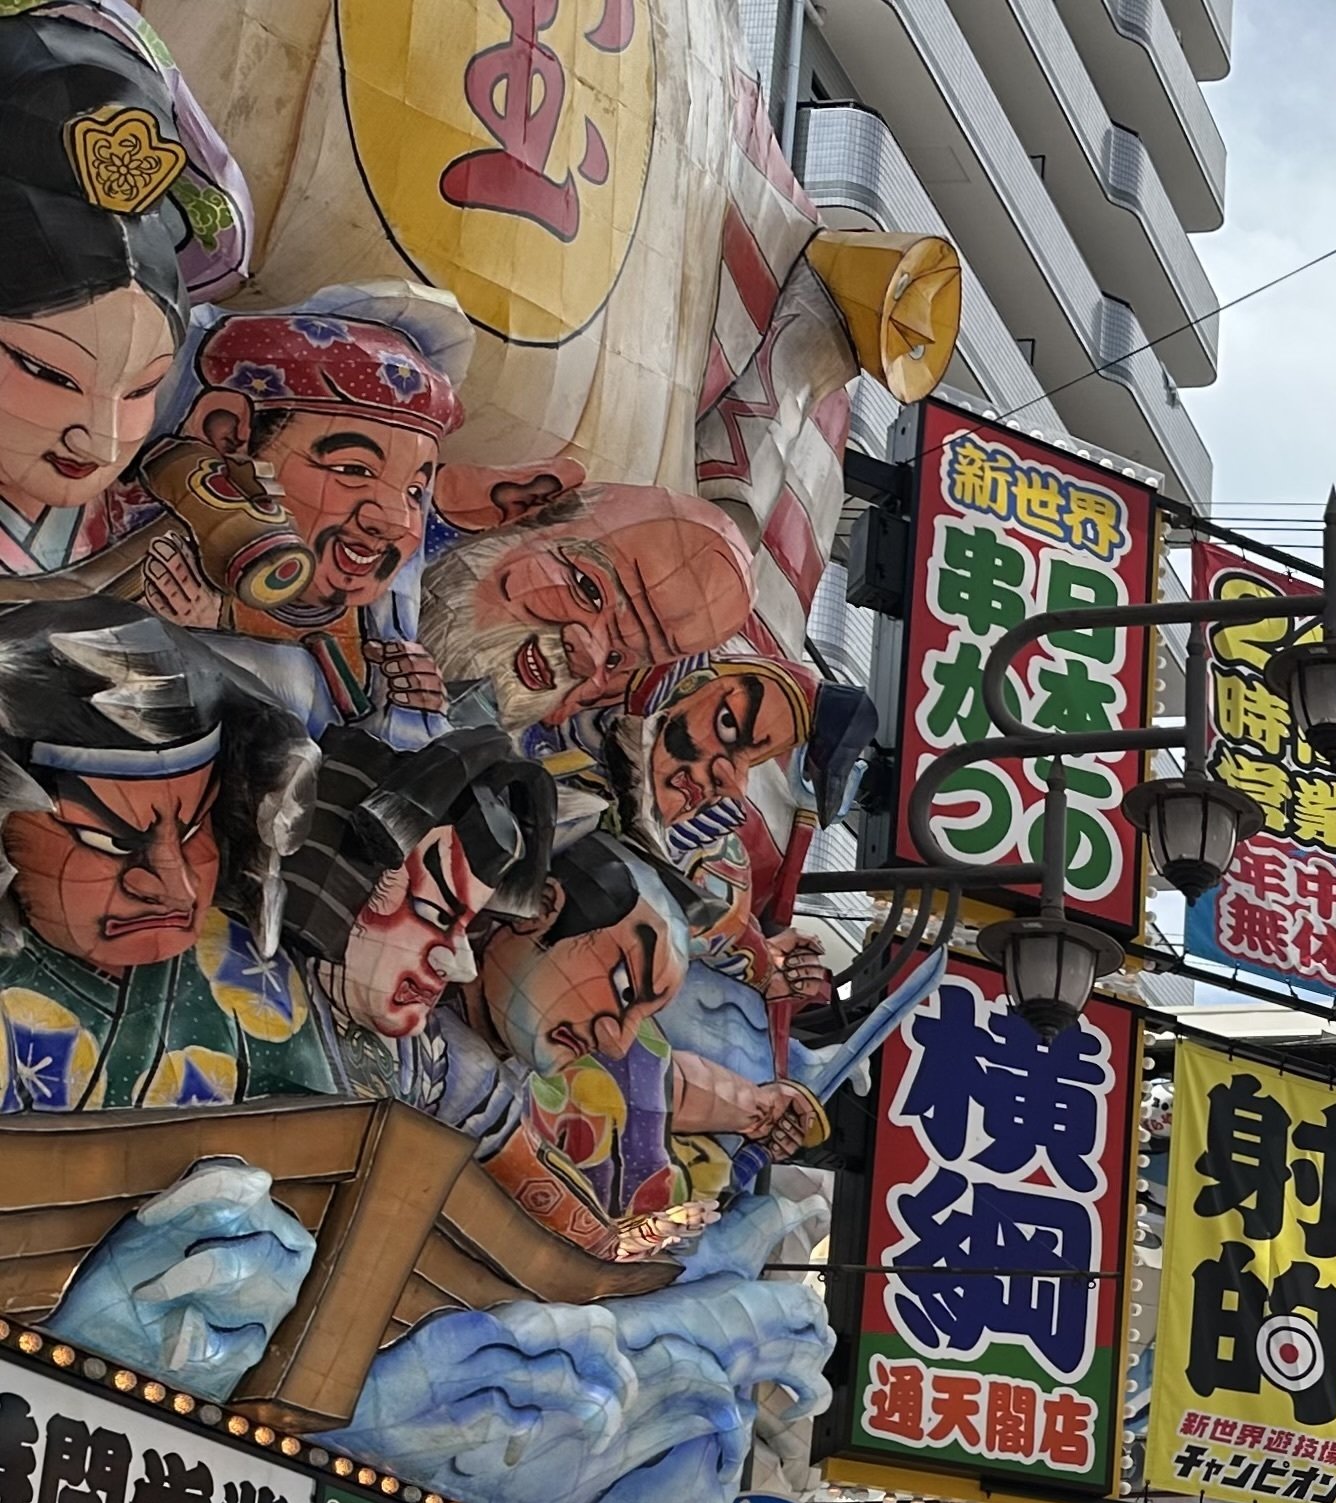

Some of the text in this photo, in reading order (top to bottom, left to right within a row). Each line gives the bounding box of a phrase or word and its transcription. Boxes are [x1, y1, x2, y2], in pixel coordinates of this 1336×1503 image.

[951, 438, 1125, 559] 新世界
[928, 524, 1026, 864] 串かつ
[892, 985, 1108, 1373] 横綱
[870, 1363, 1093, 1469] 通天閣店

========================================

- [Task to complete]: All of the lines above should be printed exactly, minus the pictures.

- [Answer to this problem]:
Some of the text in this photo, in reading order (top to bottom, left to right within a row). Each line gives the bounding box of a phrase or word and its transcription. Boxes are [x1, y1, x2, y2], in pixel coordinates of this 1336×1503 image.

[951, 438, 1125, 559] 新世界
[928, 524, 1026, 864] 串かつ
[892, 985, 1108, 1373] 横綱
[870, 1363, 1093, 1469] 通天閣店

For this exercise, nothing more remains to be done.